The two central aspects of psychotropic drug response, the proportion of patients in whom a therapeutic response is induced ("incidence") and the time to onset of improvement ("latency"), are often combined into a single, 1-dimensional "cure" model by means of survival-analytical techniques. This cure model incorporates non-responders in addition to modeling the time to an a priori defined clinical response. Patients who dropped out of the trial prior to the envisaged observation period are treated as "censored" data under the assumption of random censoring. The non-parametric generalized maximum likelihood for the model is obtained from the Kaplan-Meier (KM) product limit estimator. By contrast, when separating incidence and latency through a 2-dimensional cure model, tests become available [Kolmogorov-Smirnov, Cramer-von Mises] to explicitly compare the speed of improvement between treatments among improvers.

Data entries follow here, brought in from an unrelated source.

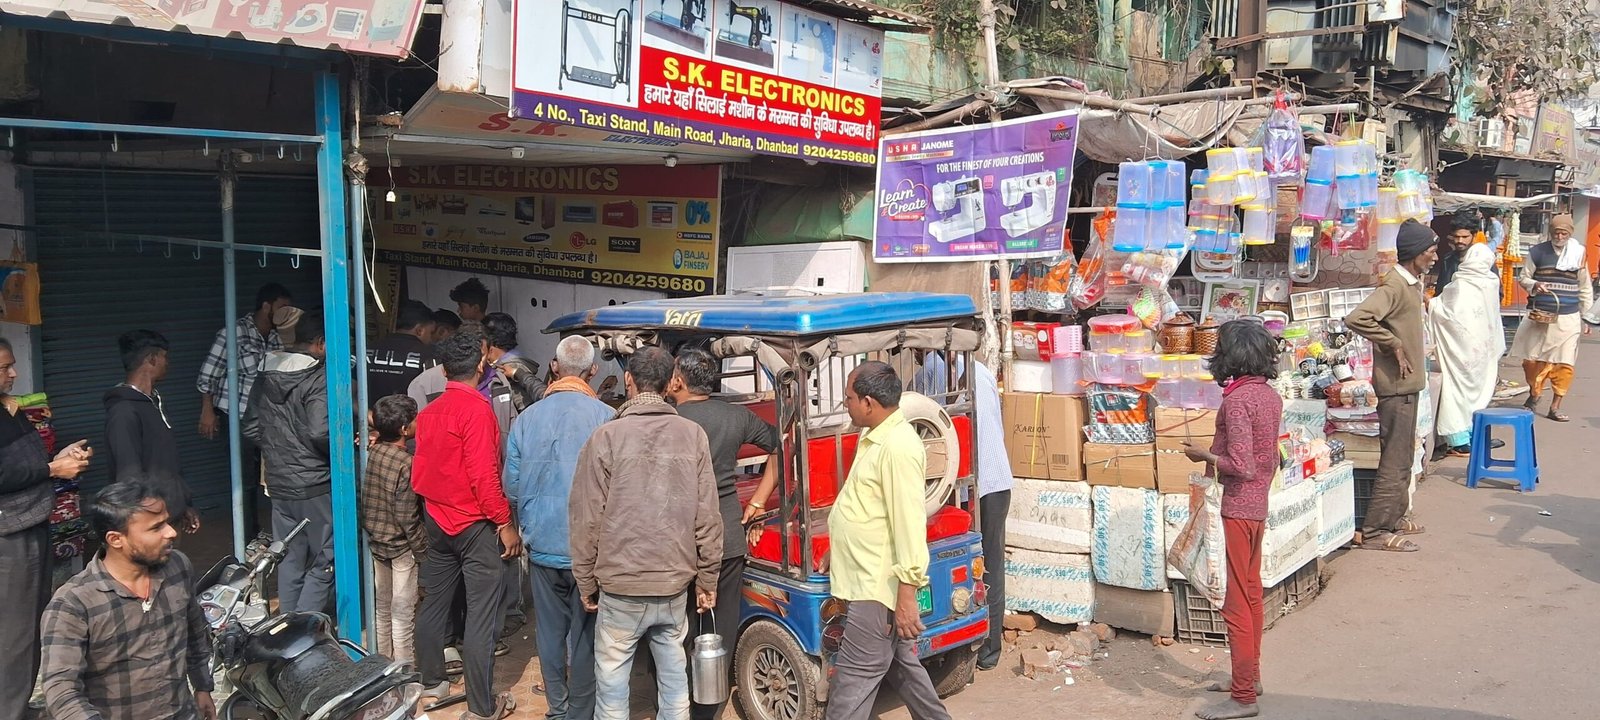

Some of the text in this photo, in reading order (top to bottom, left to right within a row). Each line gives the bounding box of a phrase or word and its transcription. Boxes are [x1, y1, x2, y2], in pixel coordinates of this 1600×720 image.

[582, 11, 602, 23] USHA
[663, 57, 865, 117] S.K. ELECTRONICS
[644, 82, 672, 105] हमारे
[674, 86, 693, 110] यहाँ
[695, 89, 726, 118] सिलाई
[728, 95, 755, 120] मशीन
[757, 101, 768, 122] के
[769, 108, 799, 128] मरम्मत
[800, 108, 812, 129] की
[813, 111, 837, 139] सुविधा
[839, 119, 865, 138] उपलब्ध
[534, 102, 876, 164] 4 No., Taxi Stand, Main Road, Jharia, Dhanbad 9204259680
[888, 140, 954, 154] USHA JANOME
[936, 152, 1044, 173] FOR THE FINEST OF YOUR CREATIONS
[409, 165, 619, 191] S.K. ELECTRONICS
[880, 188, 915, 208] Learn
[888, 198, 928, 217] Create
[685, 200, 711, 225] 0%
[585, 238, 597, 246] LG
[684, 251, 710, 260] BAJAJ
[684, 261, 710, 270] FINSERV
[436, 256, 459, 266] Main
[462, 259, 491, 271] Road,
[494, 262, 530, 275] Jharia,
[533, 264, 585, 279] Dhanbad
[591, 271, 706, 293] 9204259680
[1168, 509, 1180, 518] DFS
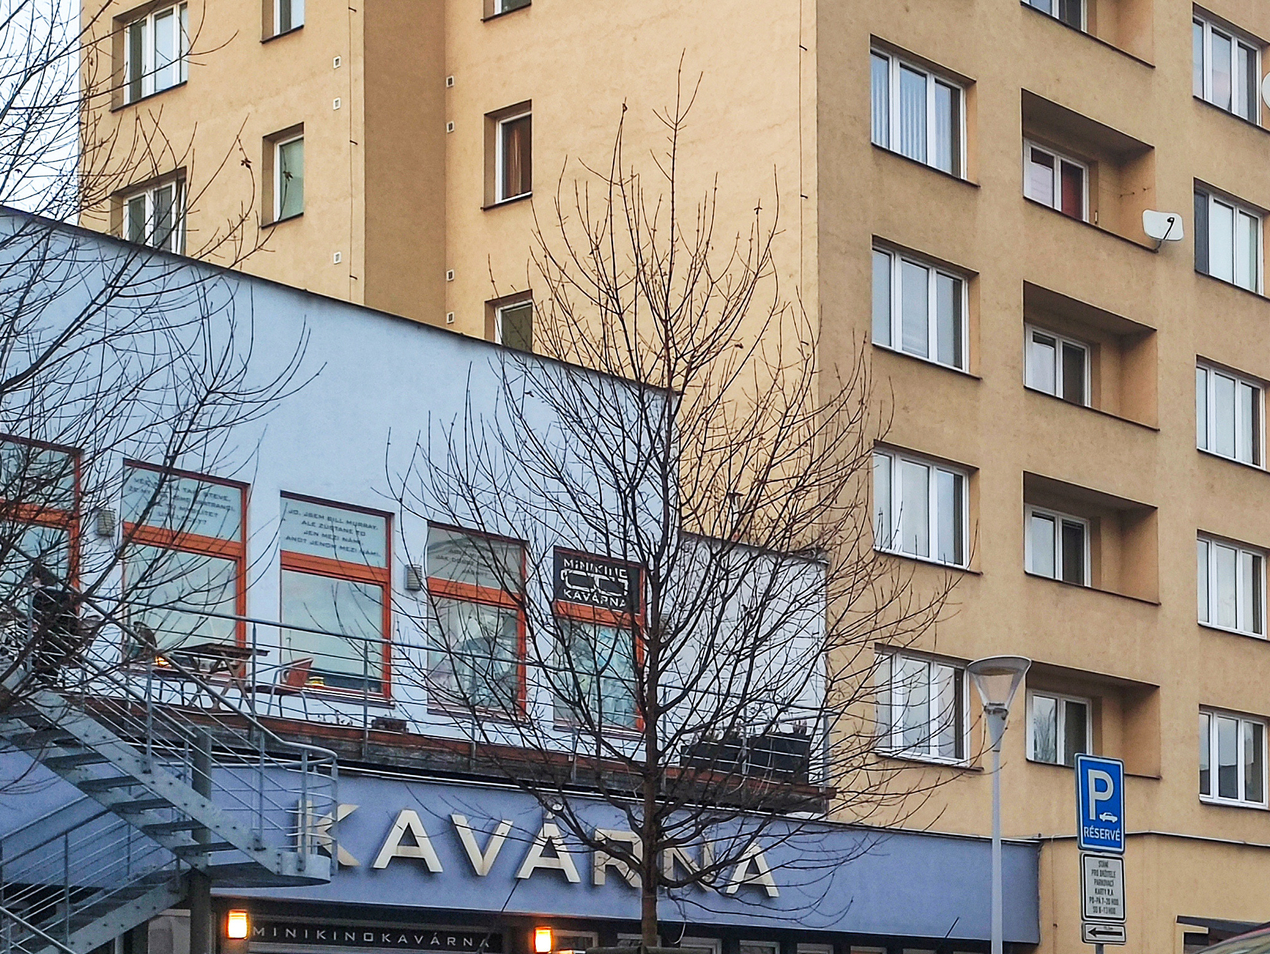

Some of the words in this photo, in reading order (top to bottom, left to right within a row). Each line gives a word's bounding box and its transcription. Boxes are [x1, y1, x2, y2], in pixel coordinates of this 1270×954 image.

Latency Explains No More than 5% of Variance

Among patients who meet improvement or response criteria, the distribution of the individual onsets is slightly left-skewed, yet approximately normal, covering a wide range from early to late improvement/response with mean values around day 12-14 (improvement) and day 18-20 (response). Unexpectedly, there are almost no differences between treatment modalities in this respect, with differences between active compounds, and between active compounds and placebo, being reflected only by the total number of improvers and responders. The subtle differences in the "average" onset are likely the effect of non-standardized placebo washouts which may explain a ±2 day shift of baseline, or may relate to the dose titration differences in the first days of treatment.

No Gender Differences

Analyses carried out separately for male and female patients did not reveal major gender differences, except for mirtazapine and paroxetine, where sample sizes were small.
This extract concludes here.